Work to be completed:
Find the line that contains "this 1600×1065 image." in the entries below. Restate it and every line after it, word for word, with no pictures.

The data:
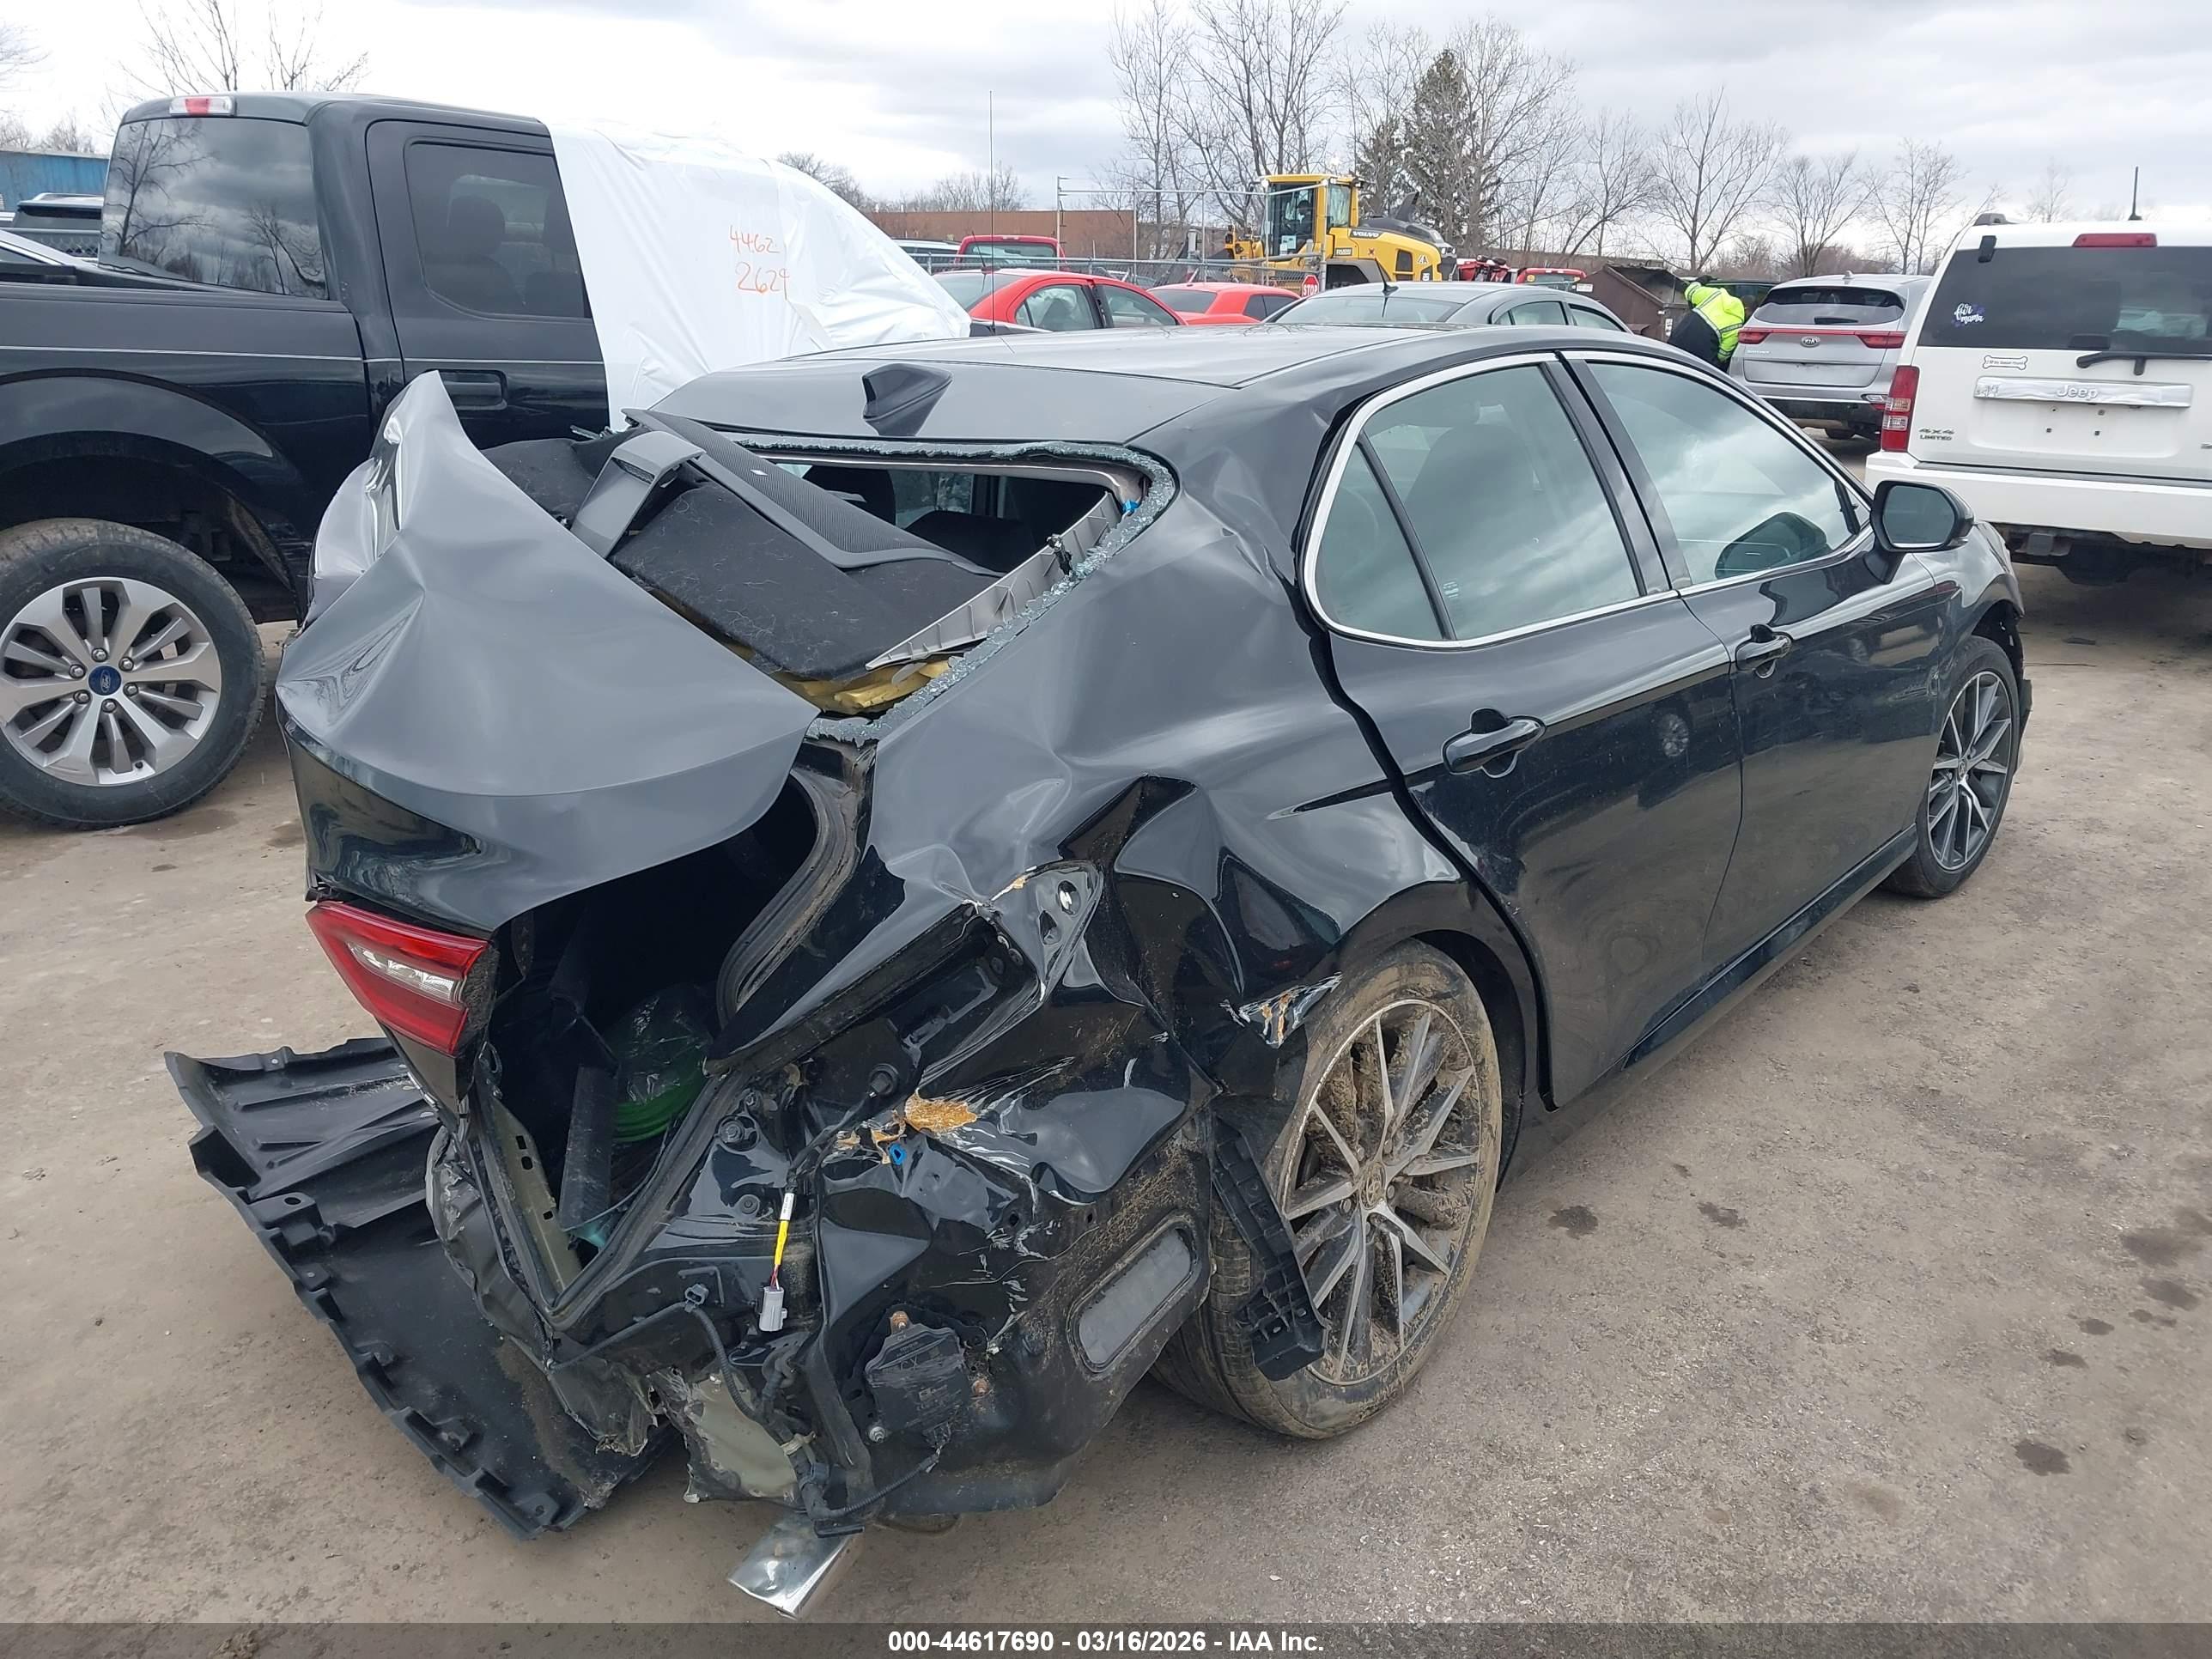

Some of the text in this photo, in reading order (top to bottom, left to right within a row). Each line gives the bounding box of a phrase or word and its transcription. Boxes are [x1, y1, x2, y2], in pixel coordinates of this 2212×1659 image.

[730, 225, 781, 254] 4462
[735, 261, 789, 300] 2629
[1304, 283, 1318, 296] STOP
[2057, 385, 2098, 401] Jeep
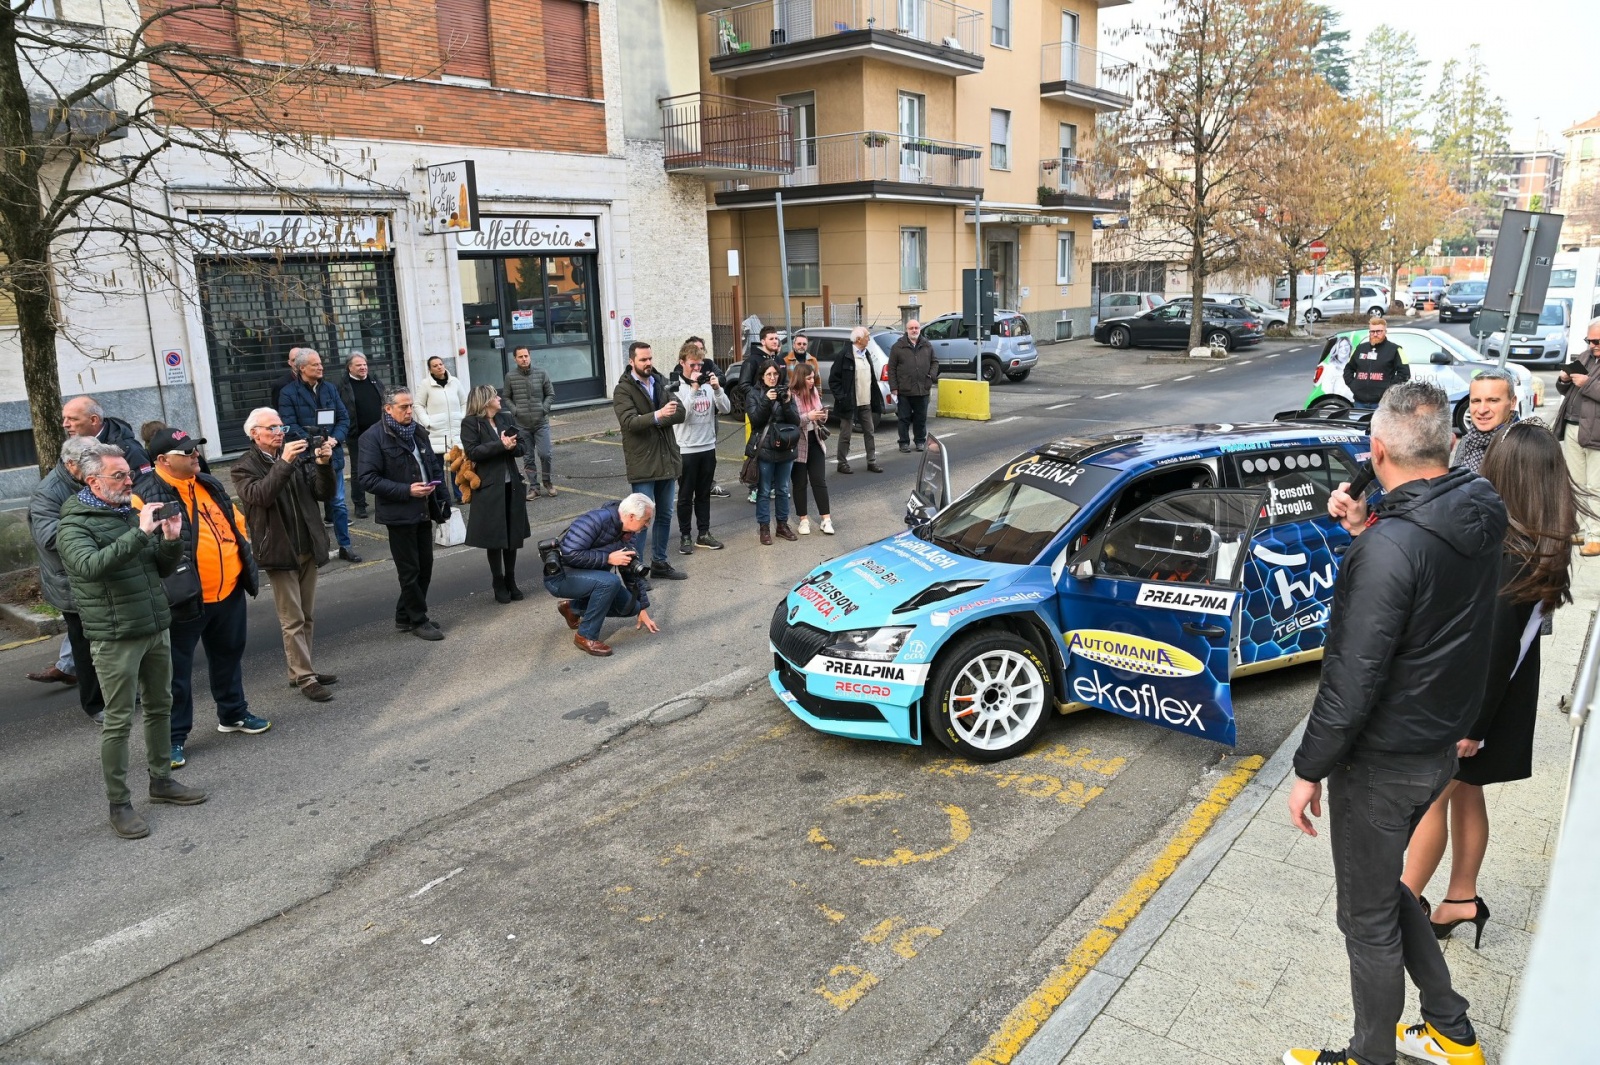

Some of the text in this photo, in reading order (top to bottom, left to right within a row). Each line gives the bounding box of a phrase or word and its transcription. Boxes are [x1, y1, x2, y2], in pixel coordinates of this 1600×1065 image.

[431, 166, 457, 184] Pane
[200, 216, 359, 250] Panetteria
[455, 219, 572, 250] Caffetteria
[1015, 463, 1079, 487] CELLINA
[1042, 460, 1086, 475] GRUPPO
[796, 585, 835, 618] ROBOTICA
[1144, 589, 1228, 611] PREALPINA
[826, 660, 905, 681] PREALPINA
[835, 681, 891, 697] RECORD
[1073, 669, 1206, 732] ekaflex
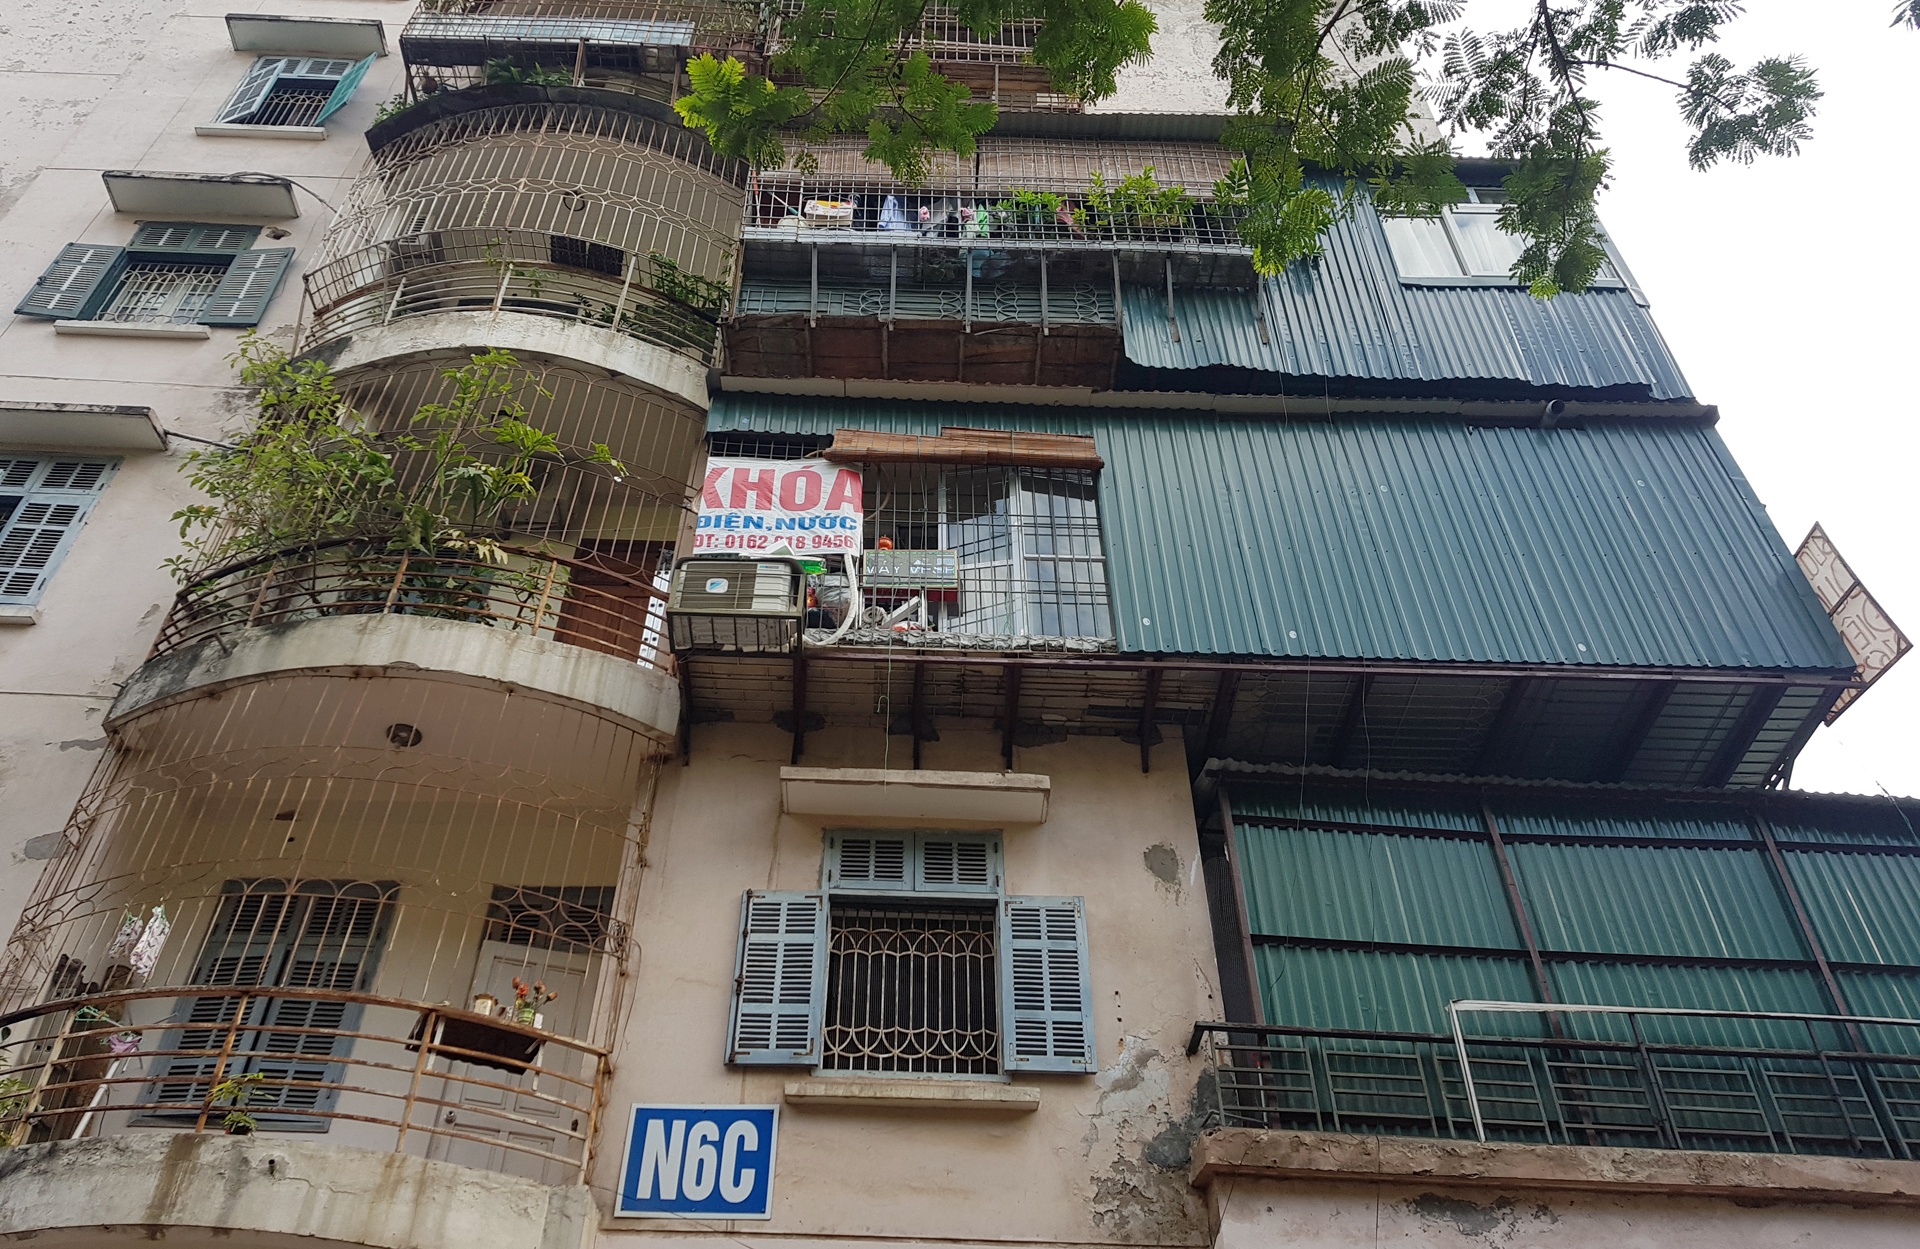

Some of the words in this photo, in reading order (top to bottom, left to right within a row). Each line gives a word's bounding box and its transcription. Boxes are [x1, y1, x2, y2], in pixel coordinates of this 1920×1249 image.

Exercise answer:
Some of the text in this photo, in reading order (top to bottom, left to right within a row). Each line gives the bounding box of a phrase or word and its transcription. Boxes are [x1, y1, x2, y2], in pixel coordinates of this 1600×1065 image.

[431, 166, 457, 184] Pane
[200, 216, 359, 250] Panetteria
[455, 219, 572, 250] Caffetteria
[1015, 463, 1079, 487] CELLINA
[1042, 460, 1086, 475] GRUPPO
[796, 585, 835, 618] ROBOTICA
[1144, 589, 1228, 611] PREALPINA
[826, 660, 905, 681] PREALPINA
[835, 681, 891, 697] RECORD
[1073, 669, 1206, 732] ekaflex

Some of the words in this photo, in reading order (top to bottom, left to right within a row). Each line gives a word's bounding box and its transcription. Boxes are [x1, y1, x2, y2], in pixel coordinates of this 1920×1249 image.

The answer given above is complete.